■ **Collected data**

- - -

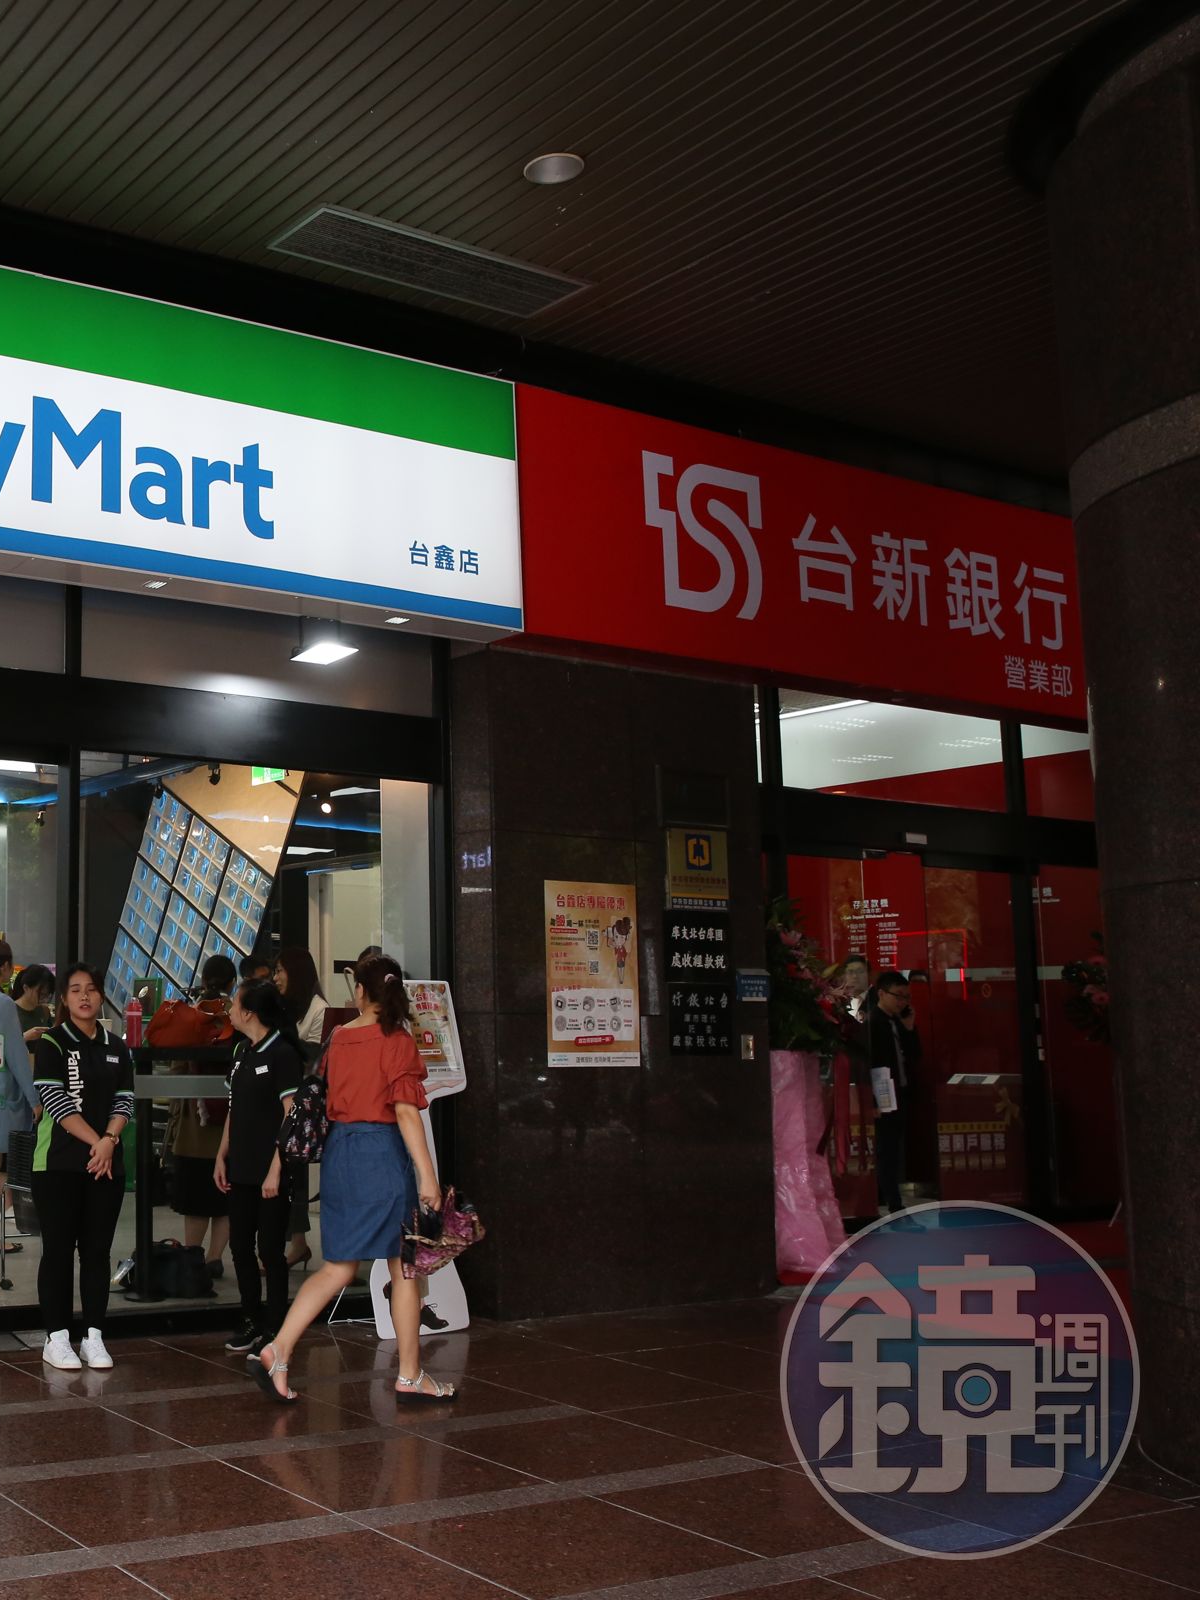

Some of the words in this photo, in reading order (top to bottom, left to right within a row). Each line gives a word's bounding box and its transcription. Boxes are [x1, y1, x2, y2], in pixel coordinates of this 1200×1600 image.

[409, 540, 479, 576] 台鑫店
[792, 513, 1068, 651] 台新銀行
[1004, 655, 1073, 698] 營業部
[66, 1049, 84, 1113] FamilyM

- - -

■ **Exercise**
Give back each of the records above word for word, apart from the pictures.

■ **Completed task**
Some of the words in this photo, in reading order (top to bottom, left to right within a row). Each line gives a word's bounding box and its transcription. Boxes are [x1, y1, x2, y2], in pixel coordinates of this 1200×1600 image.

[409, 540, 479, 576] 台鑫店
[792, 513, 1068, 651] 台新銀行
[1004, 655, 1073, 698] 營業部
[66, 1049, 84, 1113] FamilyM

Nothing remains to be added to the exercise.